Advocating For My Aware Child

October 11, 2018

Helen Joy Butler - Aware Child quote 3

Quite some years ago – five in fact – our now Mr 12 was in Year 2. He’d been through a rough trot with illness – glandular fever followed by continual tonsillitis, and an operation to eventually remove his tonsils and adenoids. Now that run was over and he was back to robust health, he was a typical, active seven year old, doing all the things little boys at that age do. He was having fun and was healthy and that meant the world to us.

But then things went pear-shaped, as they tend to do in many of our lives.

In reality, the impact of this event didn’t hit him as hard as it did me, his Aware Mother.

And at the time I probably didn’t realise the impact it would have on me or my message, but now I fully get it.

Let me explain why.

Our now Mr 12 has always been a cuddly boy. He’s one of those children cuddly Mums love – because there’s a never ending supply of them, even to this day! This is the Aware Child in him – the one that in previous years would have been called ‘sensitive’ in a not-so-loving way.

When Mr 12 was known as Mr 7 he used to attend After School and Vacation Care from time to time. He loved it. The After School Care teachers were lovely, many of his friends from class went, and they did things I didn’t have time to do (or let’s be honest, didn’t want to do!).

One day at After School Care something went down. I don’t think it impacted our Aware Child too heavily because he didn’t mention anything to me about it. But it didn’t take too long for it to impact me on a bigger scale than I ever could have imagined.

You see, the day after the event at After School Care, the mother of another child in our son’s class – who had been involved in the incident at After School Care – had gone up to school and spoken to the classroom teacher about it. As I’ve already said, I can’t even remember what the incident was, but what I do know is that it had been dealt with, and resolved, at After School Care. One would think that was that, right?

Not in this case.

The afternoon the parent had complained to the classroom teacher about the incident, our Aware Child came home a complete wreck. He had been disciplined by the teacher not long after the parent’s complaint and his day had gone downhill rapidly. Our Aware Child was excluded from groups, treated badly, and came home feeling like he’d been put through the wringer.

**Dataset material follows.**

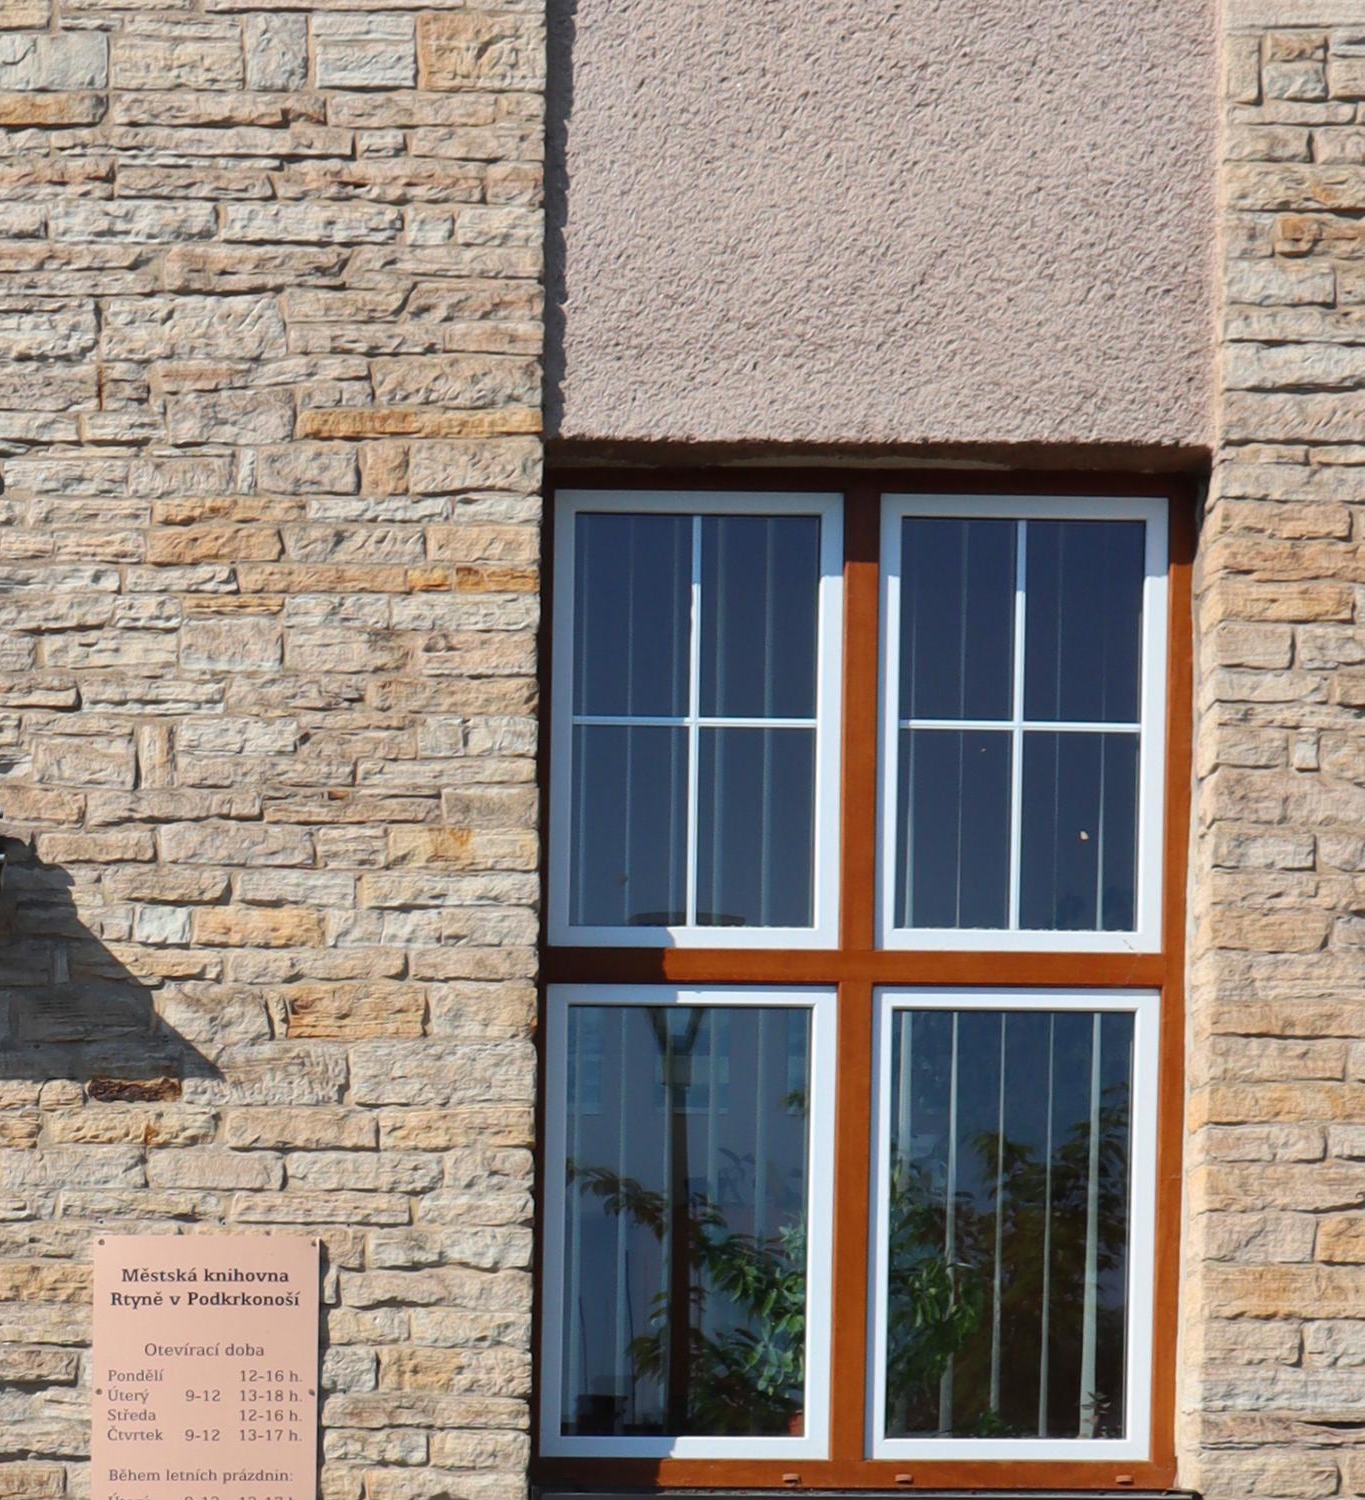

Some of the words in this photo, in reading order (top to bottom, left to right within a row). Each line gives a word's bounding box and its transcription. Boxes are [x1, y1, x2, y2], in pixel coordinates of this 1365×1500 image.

Needless to say I could tell as soon as I collected him from school that everything was not OK. After sharing what he was able to amongst his tears and overwhelm, I knew I had to speak with the teacher.

I feel as though I need to defend myself a little before I share the rest of this story. When we hear of people needing to “speak to the teacher” we often think of people with too much time on their hands and no good way to channel their anger, upset, or energy. But you see, I was that teacher. For ten years. I had stood in her shoes, listening to parents complain to me – and more difficult on a heart and self-worth level, complain about me. I was not going to tear strips off this teacher – I just wanted to be heard, given the incident had occurred at After School Care and had already been dealt with.

So the next morning after drop off, I waited patiently outside the classroom and when the teacher arrived I asked her if we could speak about what had happened.

And that’s what we did.

We spoke about it.

There was no yelling or arguing or nasty words shared.

But there were words shared that have stayed with me to this day.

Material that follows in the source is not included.